Input material START

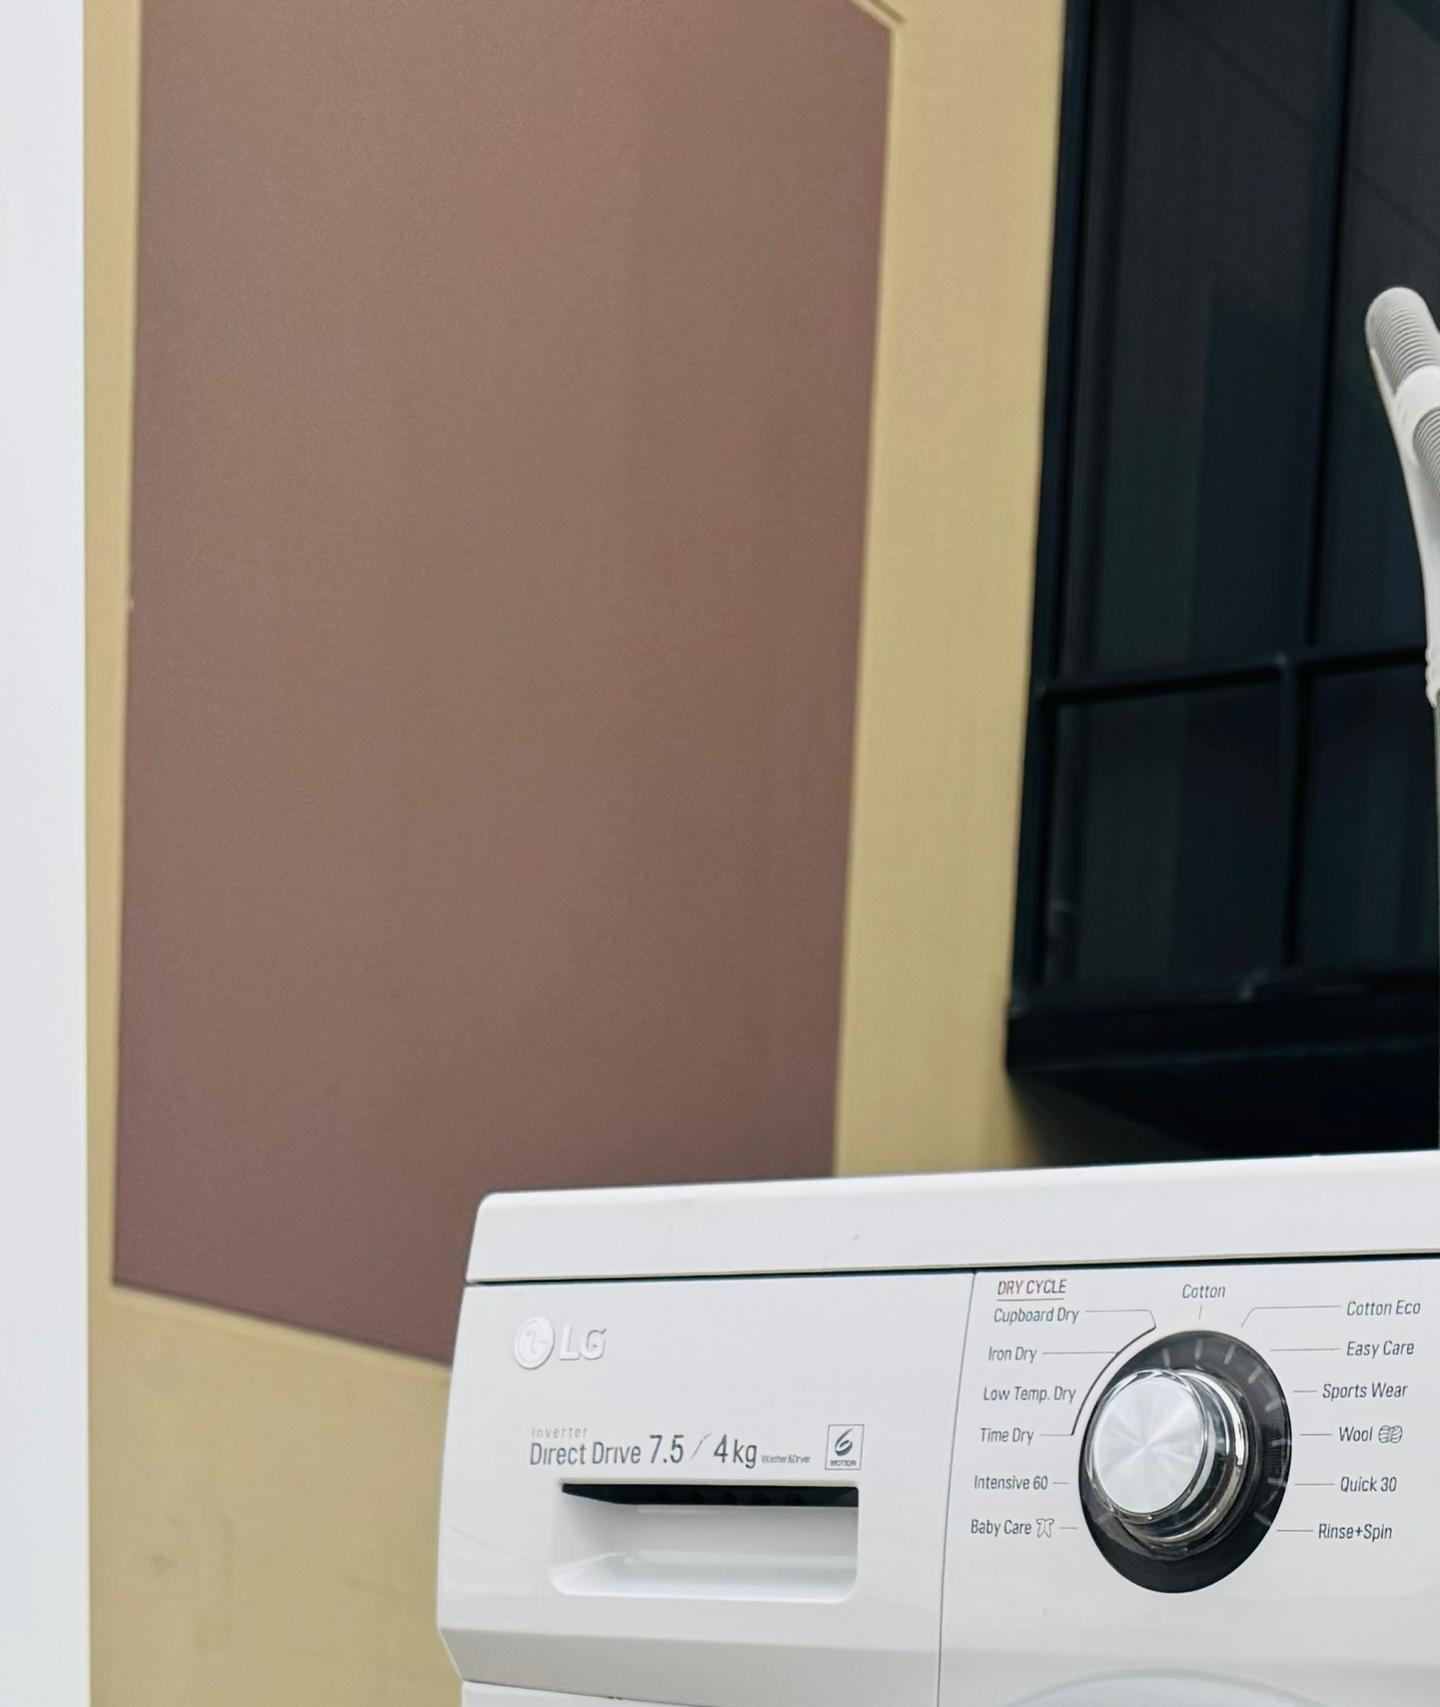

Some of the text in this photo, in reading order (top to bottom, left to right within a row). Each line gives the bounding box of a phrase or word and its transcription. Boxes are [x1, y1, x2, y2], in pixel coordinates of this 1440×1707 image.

[998, 1279, 1067, 1295] DRY CYCLE
[1182, 1284, 1226, 1299] Cotton
[1346, 1300, 1421, 1316] Cotton Eco
[994, 1307, 1079, 1326] Cupboard Dry
[559, 1324, 607, 1361] LG
[1347, 1341, 1415, 1358] Easy Care
[989, 1347, 1037, 1363] Iron Dry
[983, 1387, 1076, 1403] Low Temp. Dry
[1323, 1383, 1408, 1401] Sports Wear
[531, 1427, 588, 1439] Inverter
[981, 1428, 1034, 1444] Time Dry
[1339, 1427, 1372, 1441] Wool
[530, 1442, 586, 1465] Direct
[592, 1442, 641, 1464] Drive
[649, 1435, 684, 1463] 7.5
[974, 1475, 1048, 1490] Intensive 60
[1340, 1477, 1397, 1493] Quick 30
[971, 1520, 1032, 1537] Baby Care
[1318, 1524, 1393, 1542] Rinse+Spin
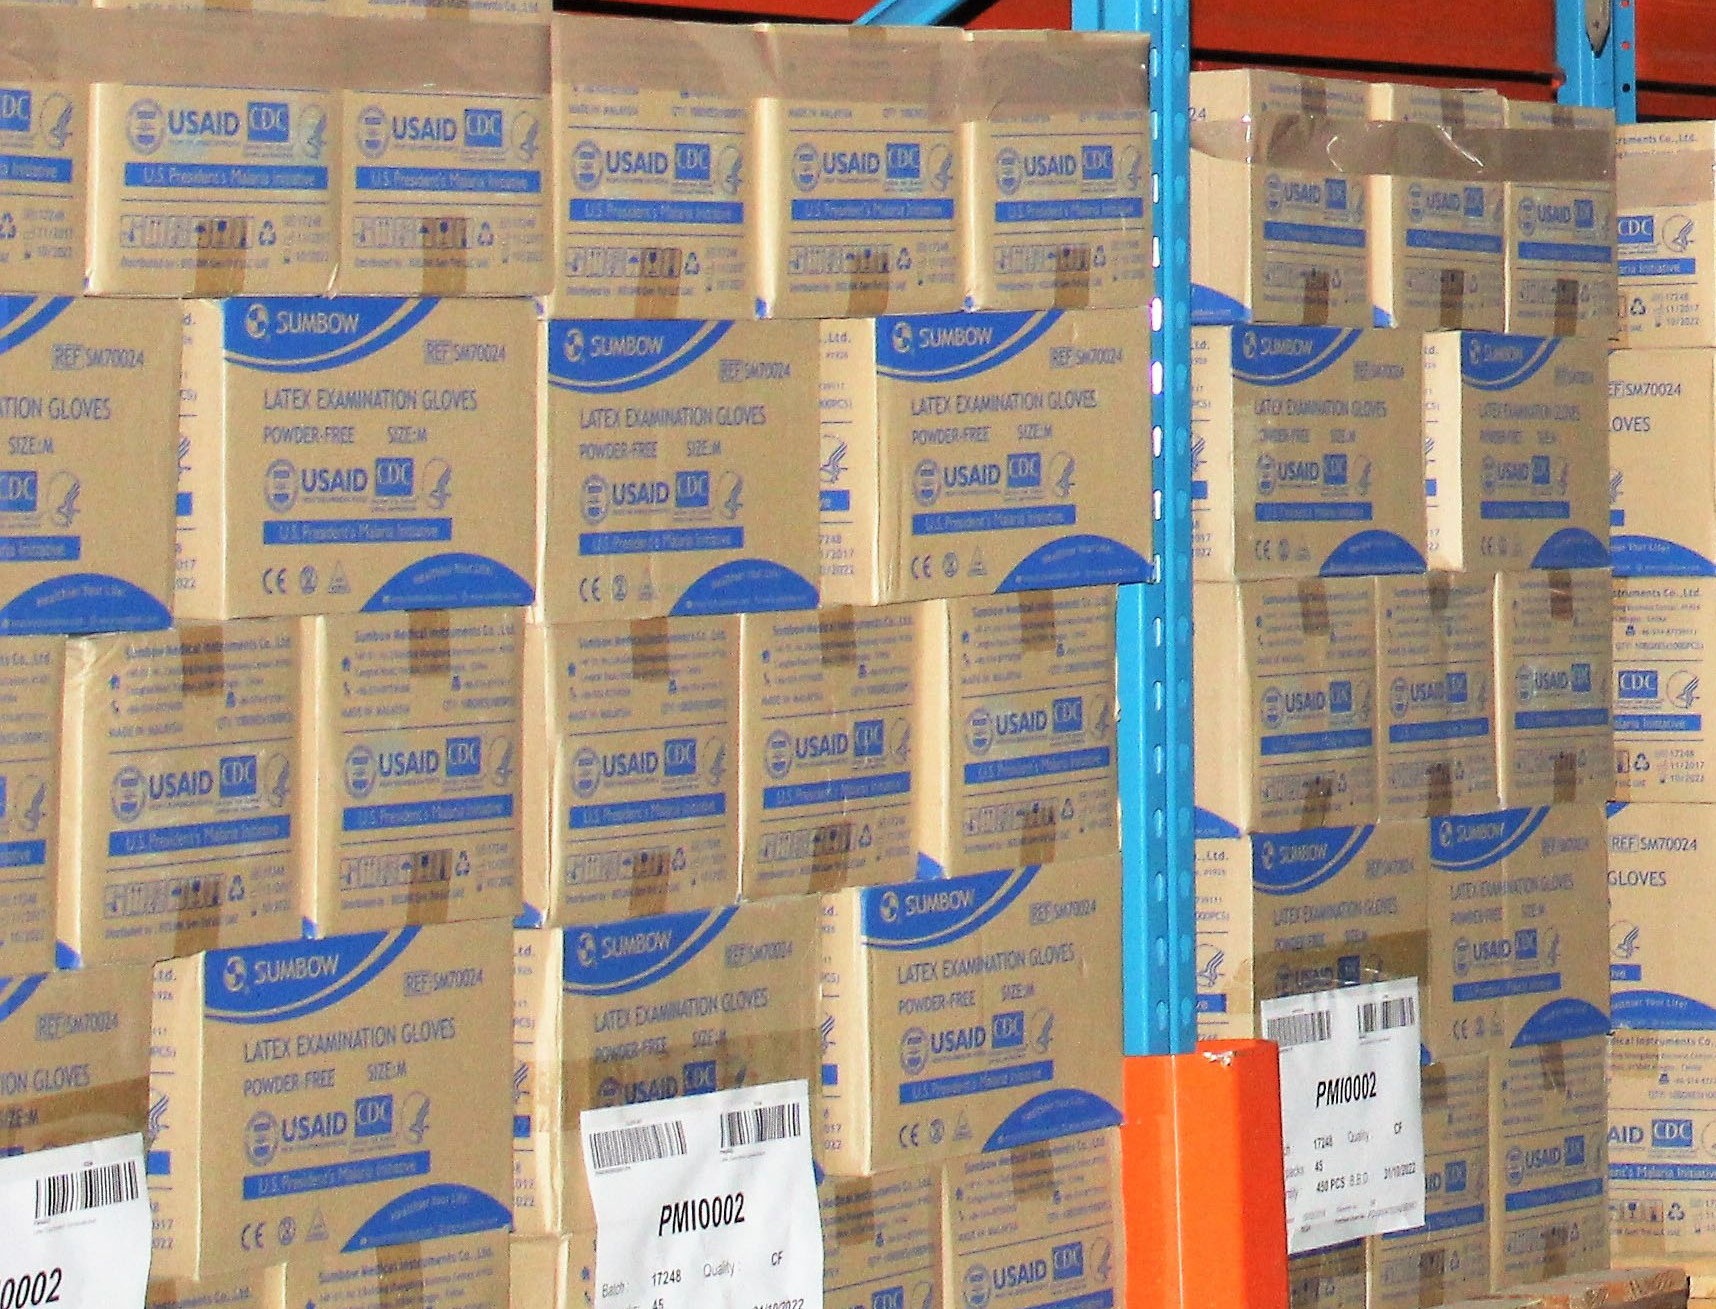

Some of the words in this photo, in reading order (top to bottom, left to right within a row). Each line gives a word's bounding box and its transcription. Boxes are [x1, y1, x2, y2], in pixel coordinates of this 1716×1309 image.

Input material END

What the task asks:
Retype all of the listing word for word and skip the pictures.

Problem solution:
Some of the text in this photo, in reading order (top to bottom, left to right within a row). Each line gives the bounding box of a phrase or word and its transcription. Boxes are [x1, y1, x2, y2], in pixel coordinates of this 1440×1707 image.

[998, 1279, 1067, 1295] DRY CYCLE
[1182, 1284, 1226, 1299] Cotton
[1346, 1300, 1421, 1316] Cotton Eco
[994, 1307, 1079, 1326] Cupboard Dry
[559, 1324, 607, 1361] LG
[1347, 1341, 1415, 1358] Easy Care
[989, 1347, 1037, 1363] Iron Dry
[983, 1387, 1076, 1403] Low Temp. Dry
[1323, 1383, 1408, 1401] Sports Wear
[531, 1427, 588, 1439] Inverter
[981, 1428, 1034, 1444] Time Dry
[1339, 1427, 1372, 1441] Wool
[530, 1442, 586, 1465] Direct
[592, 1442, 641, 1464] Drive
[649, 1435, 684, 1463] 7.5
[974, 1475, 1048, 1490] Intensive 60
[1340, 1477, 1397, 1493] Quick 30
[971, 1520, 1032, 1537] Baby Care
[1318, 1524, 1393, 1542] Rinse+Spin

Some of the words in this photo, in reading order (top to bottom, left to right within a row). Each line gives a word's bounding box and its transcription. Boxes are [x1, y1, x2, y2], in pixel coordinates of this 1716×1309 image.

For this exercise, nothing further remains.